Exactly as written, print each of the entries.

═════ Records provided ═════

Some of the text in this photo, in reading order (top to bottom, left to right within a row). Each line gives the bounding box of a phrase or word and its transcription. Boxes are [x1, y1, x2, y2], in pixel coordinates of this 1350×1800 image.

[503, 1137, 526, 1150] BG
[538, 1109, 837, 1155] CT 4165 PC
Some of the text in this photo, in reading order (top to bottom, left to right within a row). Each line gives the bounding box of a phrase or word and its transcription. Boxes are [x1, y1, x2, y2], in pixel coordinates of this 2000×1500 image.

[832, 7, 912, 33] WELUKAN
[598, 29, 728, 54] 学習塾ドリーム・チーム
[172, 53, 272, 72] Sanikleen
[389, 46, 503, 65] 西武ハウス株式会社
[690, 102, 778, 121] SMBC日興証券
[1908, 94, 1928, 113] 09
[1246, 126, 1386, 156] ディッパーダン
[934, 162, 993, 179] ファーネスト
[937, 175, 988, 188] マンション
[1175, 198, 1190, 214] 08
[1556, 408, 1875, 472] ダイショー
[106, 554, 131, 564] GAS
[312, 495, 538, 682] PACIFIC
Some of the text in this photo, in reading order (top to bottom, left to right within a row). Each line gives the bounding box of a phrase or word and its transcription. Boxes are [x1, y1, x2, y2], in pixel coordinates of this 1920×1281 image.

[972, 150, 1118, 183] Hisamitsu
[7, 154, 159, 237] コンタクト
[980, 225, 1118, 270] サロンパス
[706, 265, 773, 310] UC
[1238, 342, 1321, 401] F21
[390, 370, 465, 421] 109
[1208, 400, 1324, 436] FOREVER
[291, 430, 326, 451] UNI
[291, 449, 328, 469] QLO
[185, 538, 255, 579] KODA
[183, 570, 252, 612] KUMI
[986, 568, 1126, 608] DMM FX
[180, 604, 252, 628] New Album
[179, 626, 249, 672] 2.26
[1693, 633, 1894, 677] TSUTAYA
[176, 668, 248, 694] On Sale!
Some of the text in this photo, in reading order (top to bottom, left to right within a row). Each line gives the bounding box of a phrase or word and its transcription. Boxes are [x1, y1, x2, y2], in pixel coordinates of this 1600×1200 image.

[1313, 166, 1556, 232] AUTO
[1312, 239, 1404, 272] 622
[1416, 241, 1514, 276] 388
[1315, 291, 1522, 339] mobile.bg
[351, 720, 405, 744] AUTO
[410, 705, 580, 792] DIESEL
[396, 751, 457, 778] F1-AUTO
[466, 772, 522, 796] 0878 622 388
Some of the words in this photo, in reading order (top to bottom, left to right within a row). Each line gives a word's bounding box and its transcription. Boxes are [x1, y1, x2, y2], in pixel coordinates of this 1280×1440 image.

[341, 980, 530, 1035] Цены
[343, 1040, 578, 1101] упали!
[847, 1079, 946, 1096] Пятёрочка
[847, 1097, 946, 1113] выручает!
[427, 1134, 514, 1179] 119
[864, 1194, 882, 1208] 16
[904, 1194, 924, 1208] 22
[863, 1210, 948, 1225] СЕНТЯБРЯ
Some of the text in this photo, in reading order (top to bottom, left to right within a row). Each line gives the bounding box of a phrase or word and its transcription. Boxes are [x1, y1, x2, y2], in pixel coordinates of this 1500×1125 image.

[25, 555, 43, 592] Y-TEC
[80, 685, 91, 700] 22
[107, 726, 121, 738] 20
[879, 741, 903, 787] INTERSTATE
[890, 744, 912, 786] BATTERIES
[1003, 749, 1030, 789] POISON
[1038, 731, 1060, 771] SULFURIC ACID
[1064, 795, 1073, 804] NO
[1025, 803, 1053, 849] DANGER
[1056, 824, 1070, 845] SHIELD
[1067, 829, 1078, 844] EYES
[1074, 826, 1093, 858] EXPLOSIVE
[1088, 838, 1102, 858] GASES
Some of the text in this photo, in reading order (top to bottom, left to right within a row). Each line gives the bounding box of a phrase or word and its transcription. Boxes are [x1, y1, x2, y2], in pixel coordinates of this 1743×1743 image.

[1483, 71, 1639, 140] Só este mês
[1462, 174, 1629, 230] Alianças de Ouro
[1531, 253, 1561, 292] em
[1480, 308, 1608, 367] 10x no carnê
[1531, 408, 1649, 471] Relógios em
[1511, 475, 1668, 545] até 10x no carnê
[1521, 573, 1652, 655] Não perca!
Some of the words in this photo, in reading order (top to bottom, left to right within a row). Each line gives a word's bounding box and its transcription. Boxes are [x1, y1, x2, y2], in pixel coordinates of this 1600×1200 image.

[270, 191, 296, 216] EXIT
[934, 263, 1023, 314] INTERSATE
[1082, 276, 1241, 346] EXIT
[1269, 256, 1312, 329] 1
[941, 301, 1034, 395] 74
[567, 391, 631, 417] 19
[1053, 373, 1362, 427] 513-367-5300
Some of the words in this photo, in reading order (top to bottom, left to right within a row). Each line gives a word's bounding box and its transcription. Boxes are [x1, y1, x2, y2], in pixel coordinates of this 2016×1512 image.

═════

Output for this task:
Some of the text in this photo, in reading order (top to bottom, left to right within a row). Each line gives the bounding box of a phrase or word and its transcription. Boxes are [x1, y1, x2, y2], in pixel coordinates of this 1350×1800 image.

[503, 1137, 526, 1150] BG
[538, 1109, 837, 1155] CT 4165 PC
Some of the text in this photo, in reading order (top to bottom, left to right within a row). Each line gives the bounding box of a phrase or word and its transcription. Boxes are [x1, y1, x2, y2], in pixel coordinates of this 2000×1500 image.

[832, 7, 912, 33] WELUKAN
[598, 29, 728, 54] 学習塾ドリーム・チーム
[172, 53, 272, 72] Sanikleen
[389, 46, 503, 65] 西武ハウス株式会社
[690, 102, 778, 121] SMBC日興証券
[1908, 94, 1928, 113] 09
[1246, 126, 1386, 156] ディッパーダン
[934, 162, 993, 179] ファーネスト
[937, 175, 988, 188] マンション
[1175, 198, 1190, 214] 08
[1556, 408, 1875, 472] ダイショー
[106, 554, 131, 564] GAS
[312, 495, 538, 682] PACIFIC
Some of the text in this photo, in reading order (top to bottom, left to right within a row). Each line gives the bounding box of a phrase or word and its transcription. Boxes are [x1, y1, x2, y2], in pixel coordinates of this 1920×1281 image.

[972, 150, 1118, 183] Hisamitsu
[7, 154, 159, 237] コンタクト
[980, 225, 1118, 270] サロンパス
[706, 265, 773, 310] UC
[1238, 342, 1321, 401] F21
[390, 370, 465, 421] 109
[1208, 400, 1324, 436] FOREVER
[291, 430, 326, 451] UNI
[291, 449, 328, 469] QLO
[185, 538, 255, 579] KODA
[183, 570, 252, 612] KUMI
[986, 568, 1126, 608] DMM FX
[180, 604, 252, 628] New Album
[179, 626, 249, 672] 2.26
[1693, 633, 1894, 677] TSUTAYA
[176, 668, 248, 694] On Sale!
Some of the text in this photo, in reading order (top to bottom, left to right within a row). Each line gives the bounding box of a phrase or word and its transcription. Boxes are [x1, y1, x2, y2], in pixel coordinates of this 1600×1200 image.

[1313, 166, 1556, 232] AUTO
[1312, 239, 1404, 272] 622
[1416, 241, 1514, 276] 388
[1315, 291, 1522, 339] mobile.bg
[351, 720, 405, 744] AUTO
[410, 705, 580, 792] DIESEL
[396, 751, 457, 778] F1-AUTO
[466, 772, 522, 796] 0878 622 388
Some of the words in this photo, in reading order (top to bottom, left to right within a row). Each line gives a word's bounding box and its transcription. Boxes are [x1, y1, x2, y2], in pixel coordinates of this 1280×1440 image.

[341, 980, 530, 1035] Цены
[343, 1040, 578, 1101] упали!
[847, 1079, 946, 1096] Пятёрочка
[847, 1097, 946, 1113] выручает!
[427, 1134, 514, 1179] 119
[864, 1194, 882, 1208] 16
[904, 1194, 924, 1208] 22
[863, 1210, 948, 1225] СЕНТЯБРЯ
Some of the text in this photo, in reading order (top to bottom, left to right within a row). Each line gives the bounding box of a phrase or word and its transcription. Boxes are [x1, y1, x2, y2], in pixel coordinates of this 1500×1125 image.

[25, 555, 43, 592] Y-TEC
[80, 685, 91, 700] 22
[107, 726, 121, 738] 20
[879, 741, 903, 787] INTERSTATE
[890, 744, 912, 786] BATTERIES
[1003, 749, 1030, 789] POISON
[1038, 731, 1060, 771] SULFURIC ACID
[1064, 795, 1073, 804] NO
[1025, 803, 1053, 849] DANGER
[1056, 824, 1070, 845] SHIELD
[1067, 829, 1078, 844] EYES
[1074, 826, 1093, 858] EXPLOSIVE
[1088, 838, 1102, 858] GASES
Some of the text in this photo, in reading order (top to bottom, left to right within a row). Each line gives the bounding box of a phrase or word and its transcription. Boxes are [x1, y1, x2, y2], in pixel coordinates of this 1743×1743 image.

[1483, 71, 1639, 140] Só este mês
[1462, 174, 1629, 230] Alianças de Ouro
[1531, 253, 1561, 292] em
[1480, 308, 1608, 367] 10x no carnê
[1531, 408, 1649, 471] Relógios em
[1511, 475, 1668, 545] até 10x no carnê
[1521, 573, 1652, 655] Não perca!
Some of the words in this photo, in reading order (top to bottom, left to right within a row). Each line gives a word's bounding box and its transcription. Boxes are [x1, y1, x2, y2], in pixel coordinates of this 1600×1200 image.

[270, 191, 296, 216] EXIT
[934, 263, 1023, 314] INTERSATE
[1082, 276, 1241, 346] EXIT
[1269, 256, 1312, 329] 1
[941, 301, 1034, 395] 74
[567, 391, 631, 417] 19
[1053, 373, 1362, 427] 513-367-5300
Some of the words in this photo, in reading order (top to bottom, left to right within a row). Each line gives a word's bounding box and its transcription. Boxes are [x1, y1, x2, y2], in pixel coordinates of this 2016×1512 image.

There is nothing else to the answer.